This chilled noodle salad is popular in Hawaii as a potluck dish but also makes a satisfying meal. It’s easy to prepare and transport, and deliciously refreshing.



For the salad

1 8-ounce package dried somen noodles*

2 eggs, scrambled and lightly seasoned

2 cups shredded lettuce, iceberg or romaine

1 carrot, julienned

1 medium Japanese cucumber, julienned

1 5.5-ounce block kamaboko, julienned

1 12-ounce can low-sodium Spam, julienned**

3 stalks green onion, sliced

For the dressing

2 tablespoons sesame seeds

2 tablespoons sugar

1 teaspoon salt

¼ cup vegetable oil

3 tablespoons vinegar

2 tablespoons soy sauce


In a small jar, mix the dressing ingredients until combined. Set aside.

Cook the somen noodles according to the package instructions.
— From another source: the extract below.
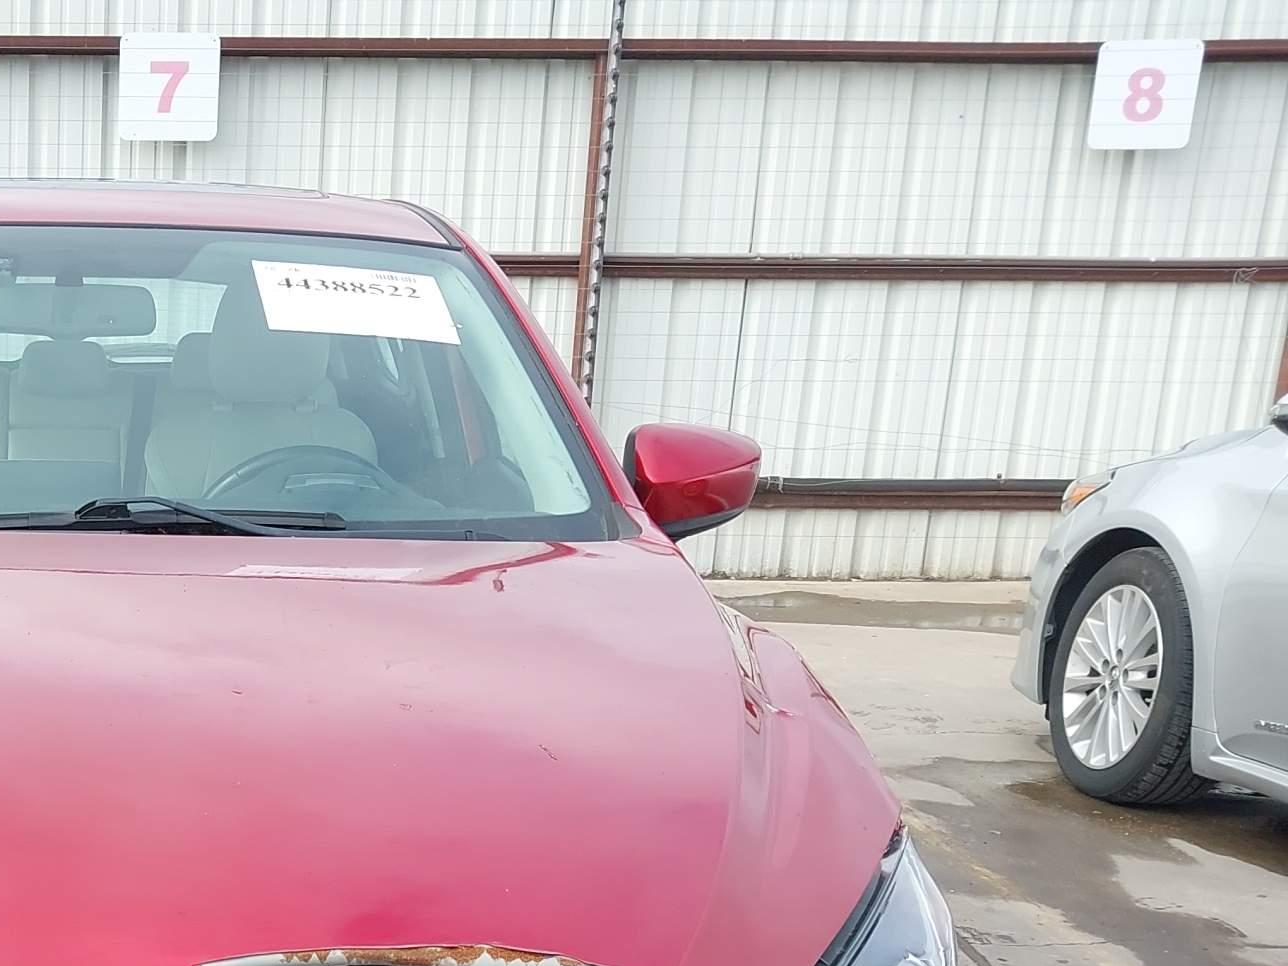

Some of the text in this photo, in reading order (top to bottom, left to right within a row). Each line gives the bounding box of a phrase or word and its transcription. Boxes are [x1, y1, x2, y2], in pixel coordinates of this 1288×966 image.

Rinse in cold water and drain well. Layer on the bottom of a 9″ x 13″ pan.

Cook the eggs into a thin omelet. Roll up like a jelly roll then cut into thin strips.

Layer the lettuce, carrot, cucumber, kamaboko, and Spam evenly over the cooked somen noodles. Sprinkle with sliced green onions.

Just before serving, shake the dressing well and pour over the salad. Serve immediately.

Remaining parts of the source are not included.